Kualitas pendidikan tiap individu sangat bergantung pada kelas ekonomi suatu keluarga,
terutama pada masa pandemi. Berdasarkan penelitian dari SMERU Research Institute, tingkat
kemiskinan di Indonesia memiliki potensi semakin meningkat akibat pandemi covid-19 ini.
Kemungkinan terburuknya adalah tingkat kemiskinan pada tahun 2020 naik sebesar 4%
dibanding dengan tahun 2019, menjadi sekitar 12%. Terjadinya peningkatan tersebut
tentunya dapat berakibat pada sektor pendidikan, khususnya kemampuan orang tua dalam
memenuhi fasilitas belajar anak-anaknya (Santosa, 2020:2).
Berdasarkan penelitian yang dilakukan oleh SMERU, siswa yang di kelasnya mempunyai
kemampuan akademis di atas rata-rata cenderung memiliki kondisi lingkungan rumah yang
mendukung pembelajaran daring. Mayoritas dari mereka tinggal di wilayah perkotaan di
mana fasilitas maupun akses terhadap teknologi dan internet lebih mudah dijangkau.

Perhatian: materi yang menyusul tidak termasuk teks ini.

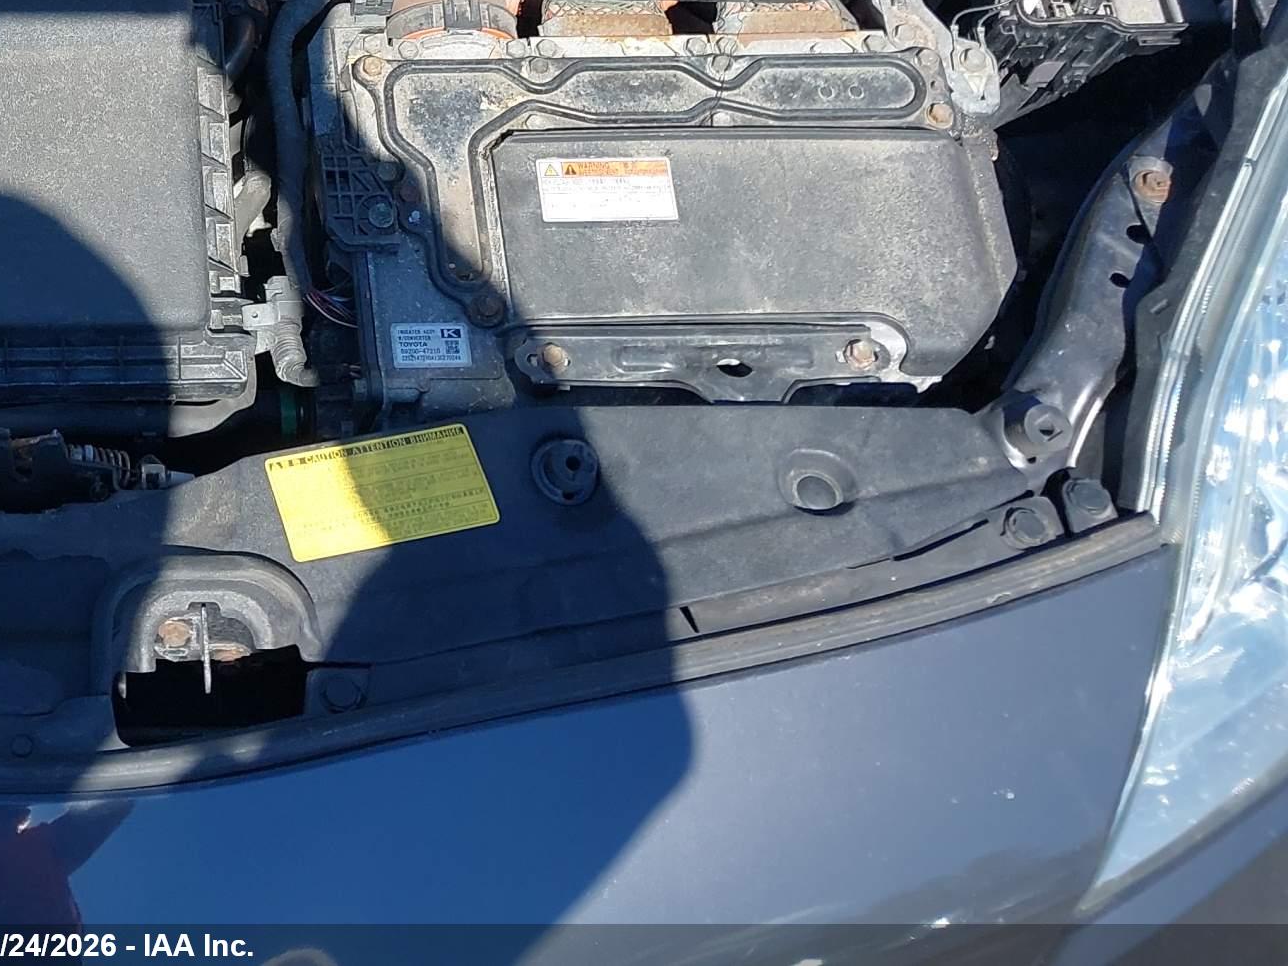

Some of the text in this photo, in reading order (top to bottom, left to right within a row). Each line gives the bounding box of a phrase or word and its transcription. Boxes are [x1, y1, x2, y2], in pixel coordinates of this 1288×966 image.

[443, 329, 459, 338] K
[305, 437, 407, 465] CAUTION ATTENTION
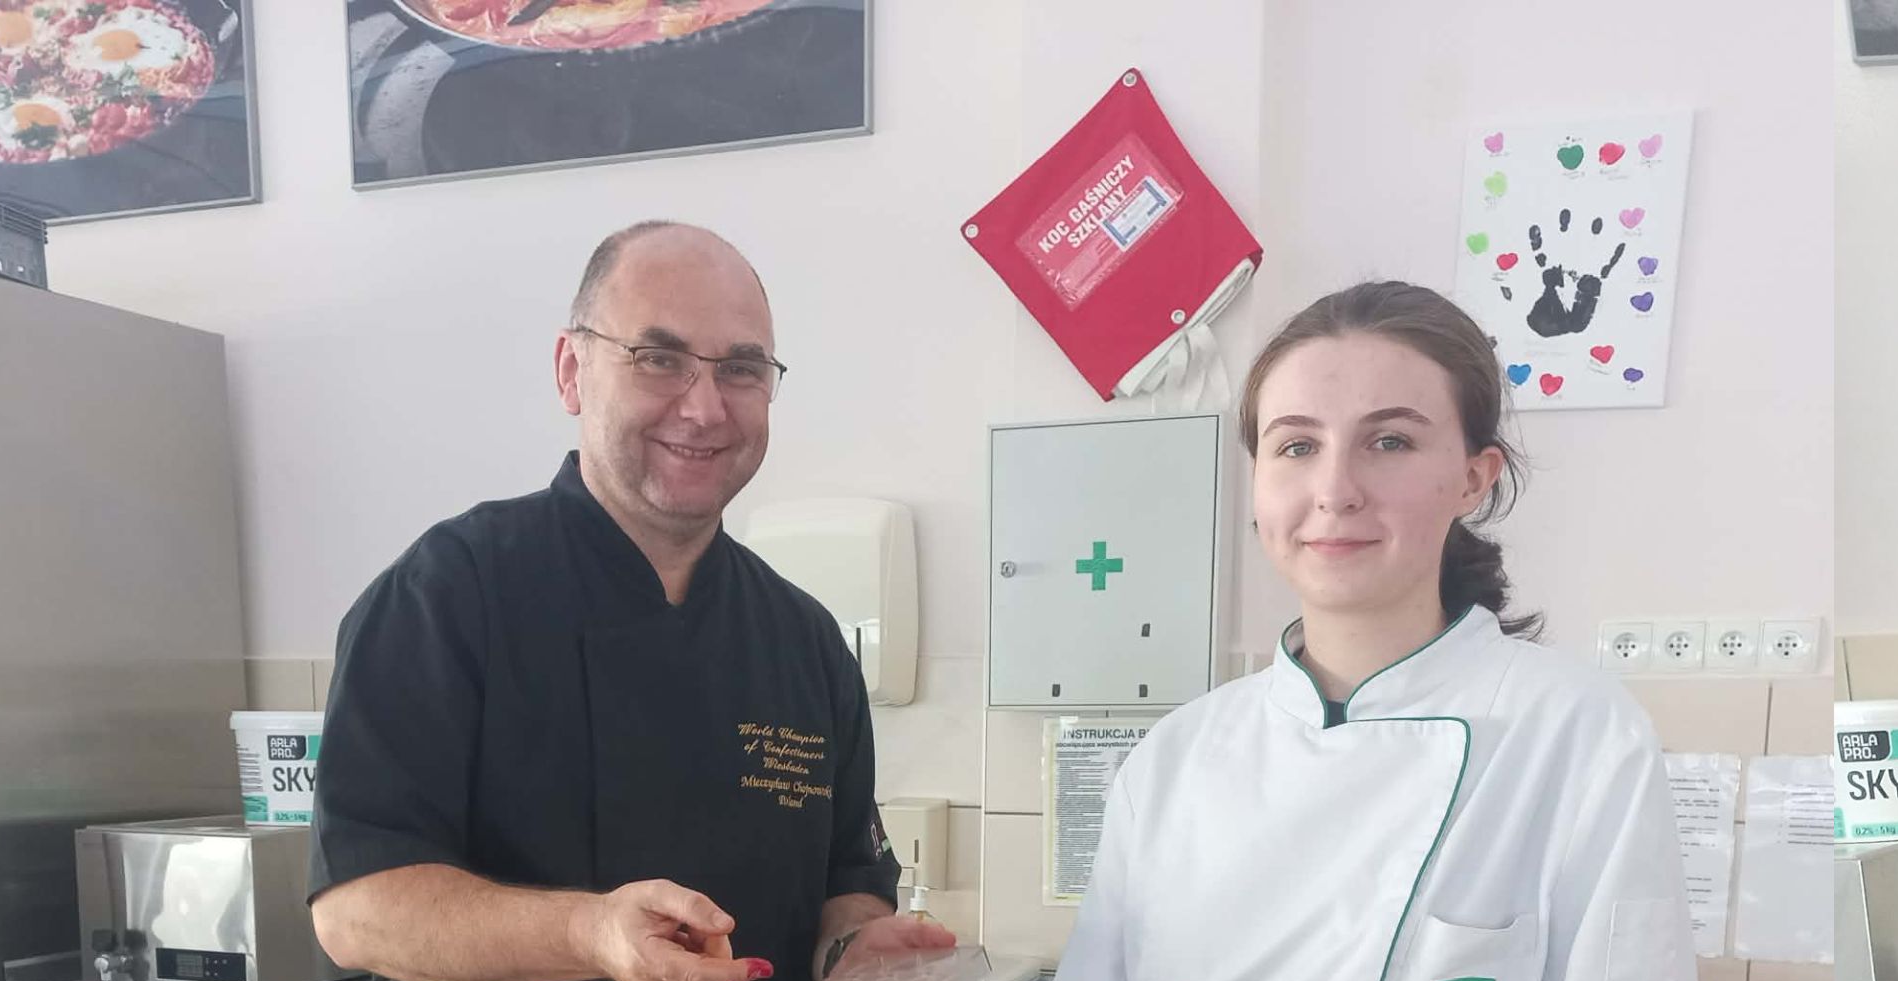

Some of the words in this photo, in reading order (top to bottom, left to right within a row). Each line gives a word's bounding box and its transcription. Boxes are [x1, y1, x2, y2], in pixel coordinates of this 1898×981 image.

[1038, 221, 1070, 253] KOC
[1068, 155, 1134, 223] GAŚNICZY
[738, 723, 774, 737] World
[1063, 728, 1135, 739] INSTRUKCJA
[270, 737, 297, 748] ARLA
[744, 739, 759, 755] of
[1842, 734, 1878, 747] ARLA

Disparitas atau ketimpangan terhadap akses internet ini dapat dilihat dengan jelas ketika data
daerah perkotaan dan pedesaan dibandingkan. Menurut data dari BPS Susenas Maret 2020,
persentase penggunaan internet oleh siswa di daerah perkotaan adalah 68,23%. Sedangkan,
persentase penggunaan internet oleh siswa di daerah pedesaan adalah 47,76 %.
Selain itu, data hasil survei Lembaga Inovasi untuk Anak Sekolah Indonesia (INOVASI)
mengenai penerapan kebijakan belajar dari rumah di Nusa Tenggara Timur (NTT), Nusa
Tenggara Barat (NTB), Kalimantan Utara, dan Jawa Timur diperoleh bahwa angka
pembelajaran daring paling rendah tercatat di Provinsi NTB dan NTB dengan presentase 7%
dan 4%. Pembelajaran lebih sering dilakukan menggunakan buku maupun lembar kerja siswa
(LKS). Data tersebut memperkuat dugaan disparitas atau ketimpangan pendidikan bagi
beberapa wilayah di Indonesia selama pelaksanan pembelajaran daring pada masa pandemi.